TASK OBJECTIVE: If a record contains a picture, skip the picture and transcribe the rest exactly.

[Free-text object descriptions]
◆ ◆ ◆

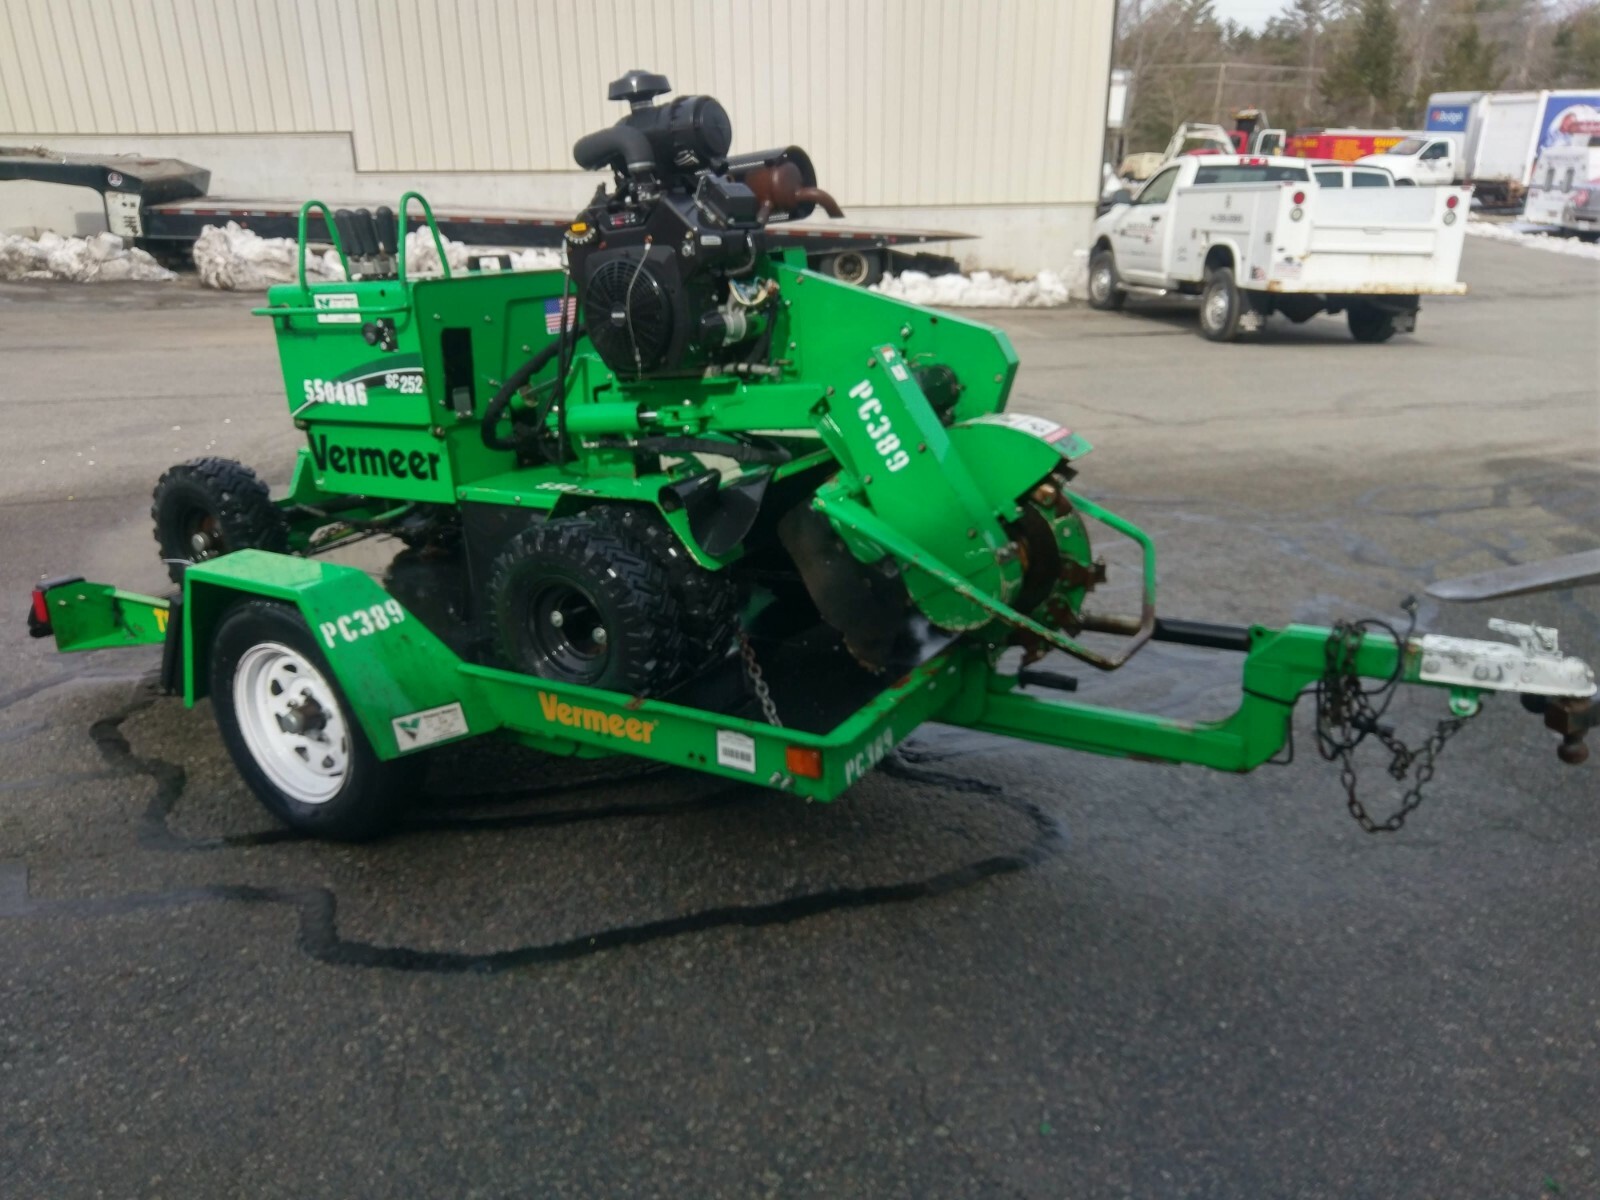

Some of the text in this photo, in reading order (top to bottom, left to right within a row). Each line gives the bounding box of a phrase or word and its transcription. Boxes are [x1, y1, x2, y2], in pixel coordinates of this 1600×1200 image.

[303, 378, 368, 406] 550486
[385, 374, 423, 394] SC 252
[848, 379, 910, 472] PC389
[308, 433, 440, 482] Vermeer
[319, 598, 405, 649] PC389
[538, 691, 654, 744] Vermeer
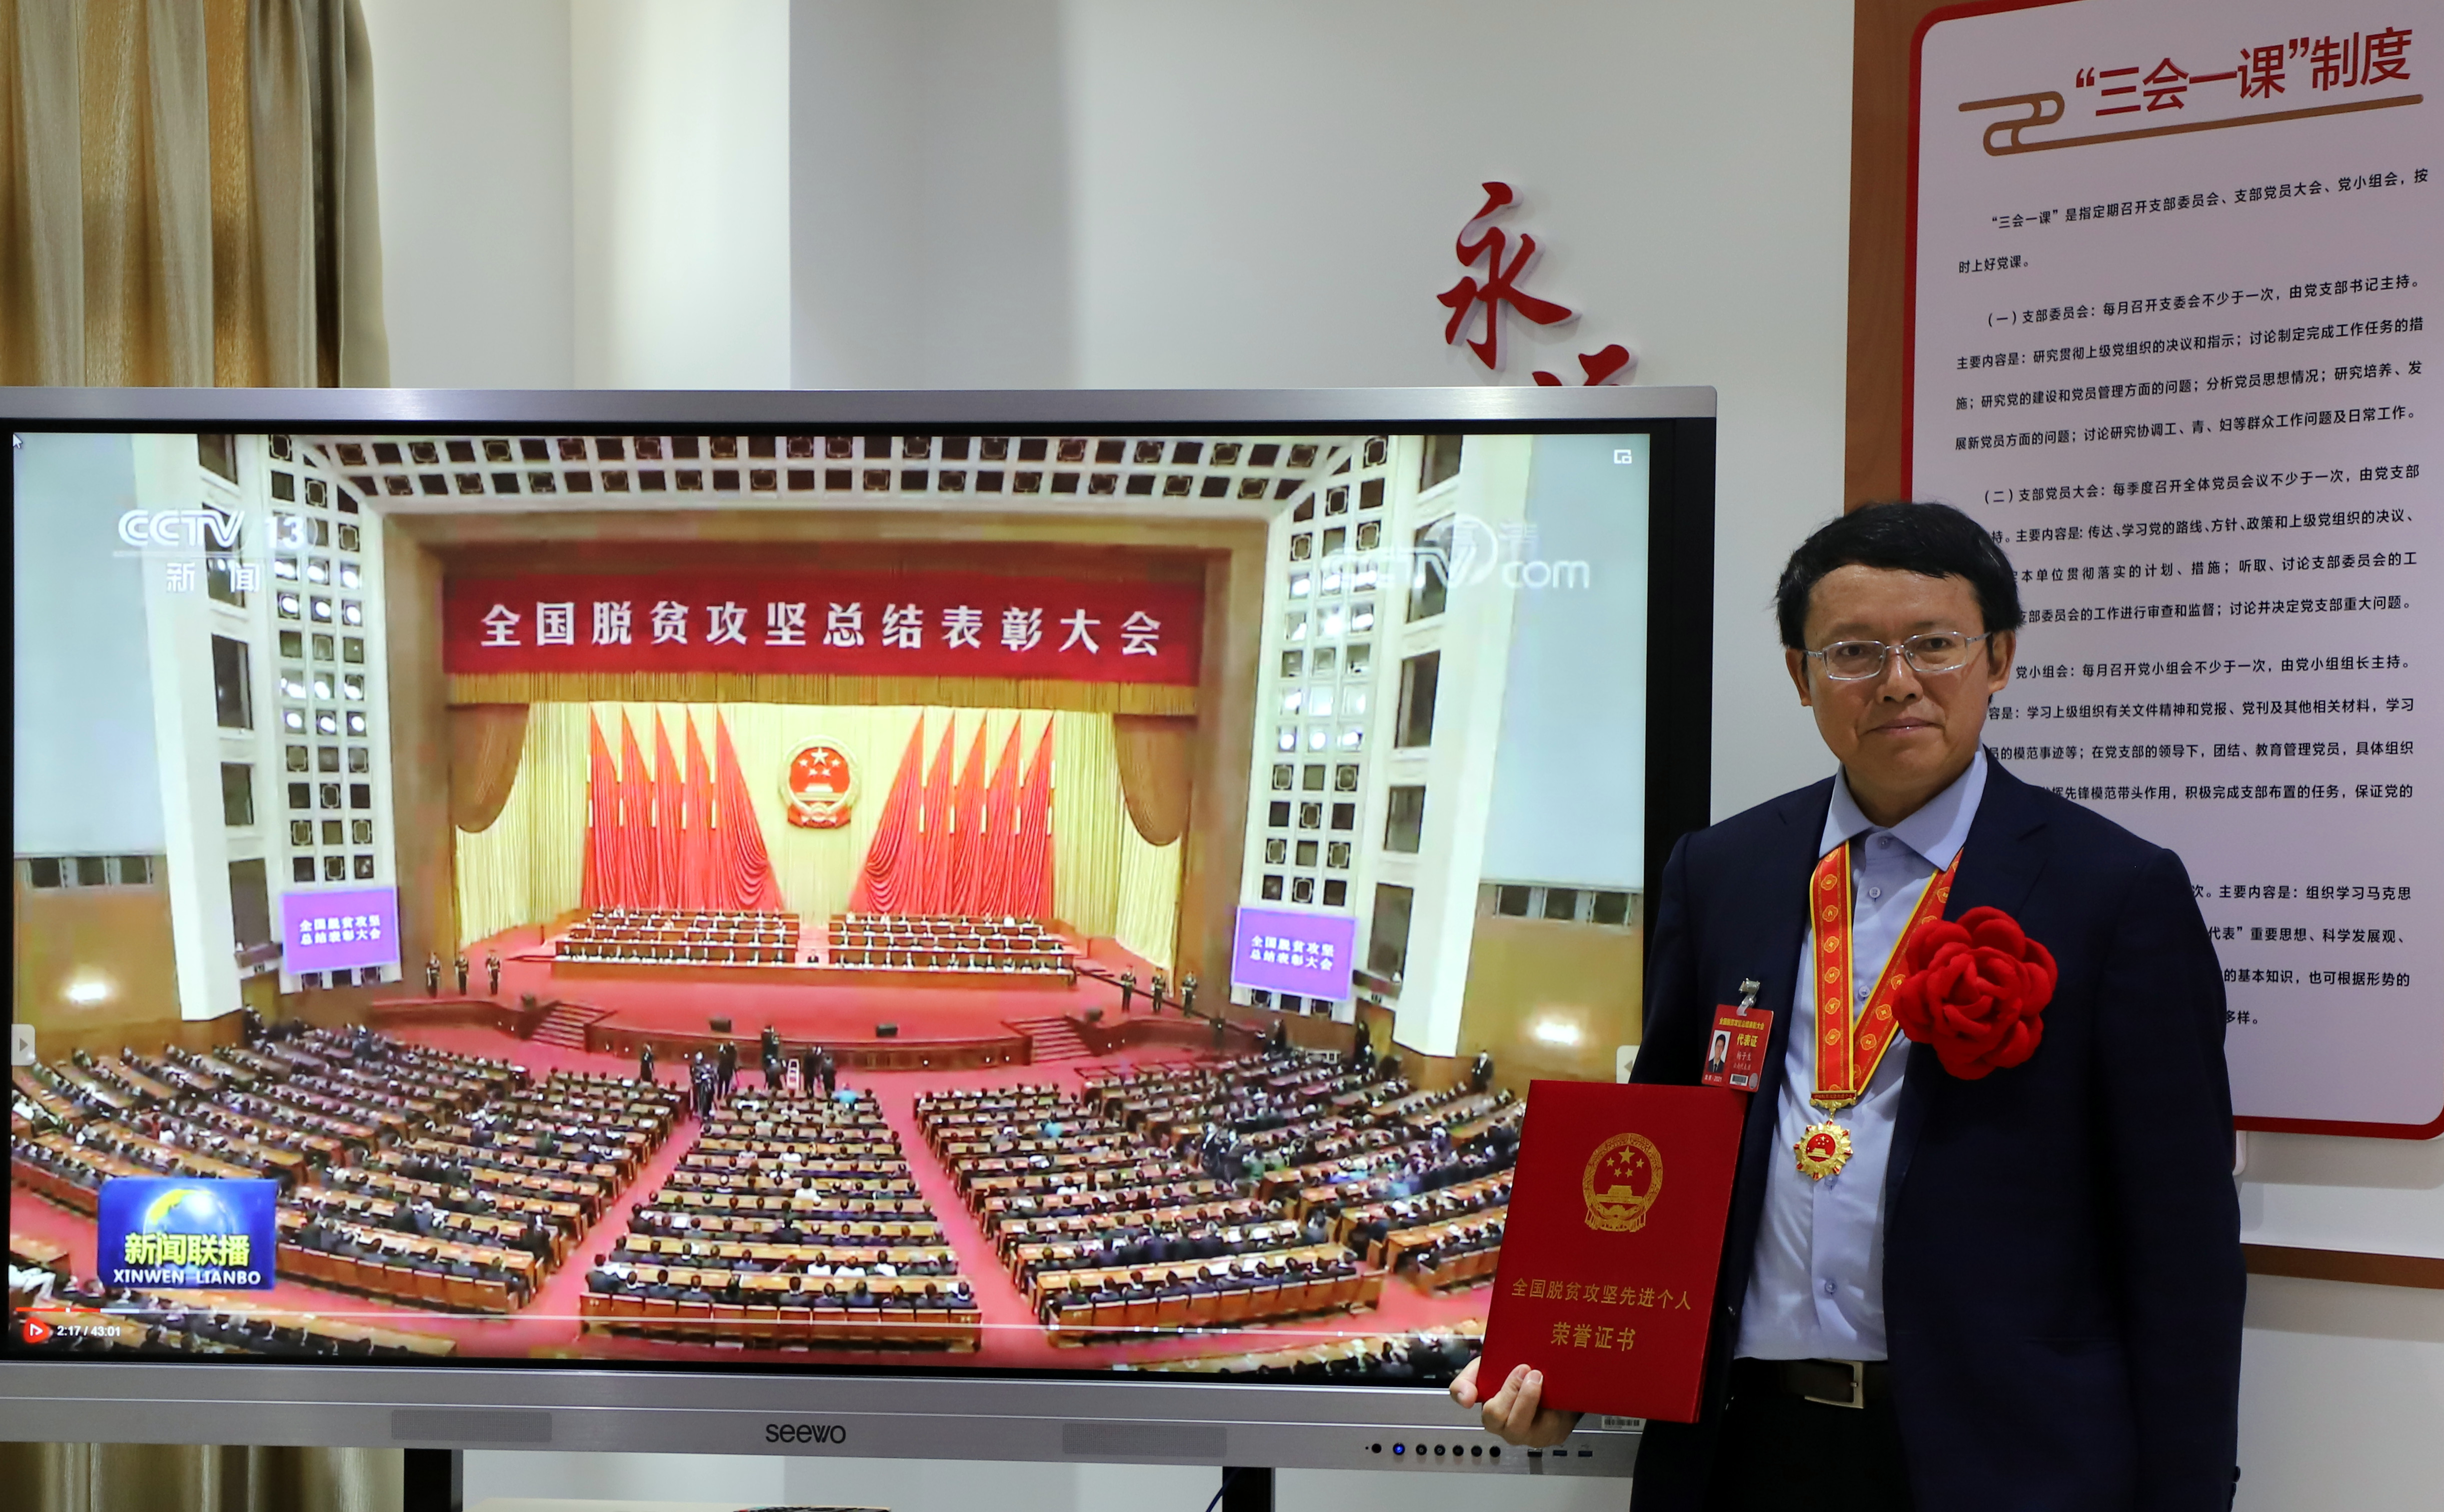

◆ ◆ ◆

YOUR RESPONSE:
Some of the text in this photo, in reading order (top to bottom, left to right within a row). Each line gives the bounding box of a phrase or word and its transcription. Boxes are [x1, y1, x2, y2], in pixel coordinates of this 1600×1200 image.

[303, 378, 368, 406] 550486
[385, 374, 423, 394] SC 252
[848, 379, 910, 472] PC389
[308, 433, 440, 482] Vermeer
[319, 598, 405, 649] PC389
[538, 691, 654, 744] Vermeer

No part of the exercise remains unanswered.